= Chris Barbosa =

American music producer (1961–2024)

Chris Barbosa (October 22, 1961 – October 18, 2024) was an American freestyle music producer from New York.

==Career==
===1980s and 1990s===
In 1983, Bronx-born Barbosa served as a reporting DJ for New York's WKTU. In this role, the radio station would contact select club and Mobile DJs (The NYC Mixologist Disco Spinners: Ralph Rivera, Nelson Cruz and Frank Forti Jr) which included Barbosa to report on popular records, which would then influence the station's playlist.

Also in 1983, an executive from Emergency Records named Sergio Cossa signed Barbosa to do production work with the record label. Some of Barbosa's musical influences were Arthur Baker and John Robie, the duo that invented electro-funk with their production of Afrika Bambaataa's "Planet Rock". Later that year, he teamed up with Mark Liggett to produce a vocal version of "Fire and Ice", the instrumental track of "Let the Music Play". They used a young contemporary R&B background vocalist named Shannon Brenda Greene, later changing her name to simply Shannon. This track was produced differently from the rest of the electro-funk records. It had a more Latin American-based rhythm with a heavy syncopated drum sound than the records produced by Baker and Robie. This style of electro funk was defined as "freestyle music" because of the way it was produced and mixed.

In September 1983, the 12-inch single of the song was released. Following the song's initial success, Shannon recorded a full-length album of the same name. The Grammy-nominated single received significant airplay on radio stations across the country. The album, released in February 1984, included another hit, "Give Me Tonight" and became the first freestyle album in dance music history. It was eventually certified gold, having sold over 500,000 copies. Both the 12-inch and 7-inch singles also achieved gold certification.

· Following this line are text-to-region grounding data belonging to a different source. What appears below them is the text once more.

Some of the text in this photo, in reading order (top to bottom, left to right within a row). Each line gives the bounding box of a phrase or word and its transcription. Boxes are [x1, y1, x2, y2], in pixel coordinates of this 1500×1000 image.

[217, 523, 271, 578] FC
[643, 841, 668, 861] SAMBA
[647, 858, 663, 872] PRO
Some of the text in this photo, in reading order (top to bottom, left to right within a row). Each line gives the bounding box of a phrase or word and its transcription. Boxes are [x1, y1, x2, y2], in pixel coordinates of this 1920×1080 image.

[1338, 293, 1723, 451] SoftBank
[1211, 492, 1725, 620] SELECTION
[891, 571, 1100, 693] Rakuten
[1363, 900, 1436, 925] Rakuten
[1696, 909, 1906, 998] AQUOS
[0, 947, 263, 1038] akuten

In 1984, Barbosa and Liggett sought out other session singers to lay down tracks on more freestyle songs. These artists included Nolan Thomas on "Yo Little Brother" and Xena on the song "On the Upside". Barbosa also played keyboards, programmed sequencers and produced Robin Gibb's album Secret Agent.

In 1986, Emergency Records stopped signing new artists, forcing Barbosa and Liggett to launch their own Ligosa Records. The duo immediately signed Monet and George Lamond. In addition, their subsidiary Ligosa Entertainment produced songs for upcoming freestyle music acts such as Judy Torres, Sa-Fire, and Mark Kalfa. Barbosa found chart success in 1990 with Lamond's "Bad of the Heart", which reached No. 25 on the Billboard Top 100.

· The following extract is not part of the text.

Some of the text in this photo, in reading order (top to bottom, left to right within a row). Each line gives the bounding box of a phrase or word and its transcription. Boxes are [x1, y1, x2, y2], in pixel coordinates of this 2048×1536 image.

In 1995, Barbosa and Liggett dismantled their company and parted ways. Barbosa continued producing for underground artists.

===2000s and 2010s===
Barbosa was also affiliated with the tape editing scene. He served as the Director of Multimedia Services at Wyckoff Heights Medical Center in New York City from 2006 to 2012. In September 2011, he relocated to Orlando, Florida.

Barbosa was awarded an Ampex Golden Reel Award for "Let the Music Play".

==Personal life and death==
Barbosa was married with two children. Barbosa was involved in various charities and organizations related to autism.

It was announced that Barbosa had died in October 2024.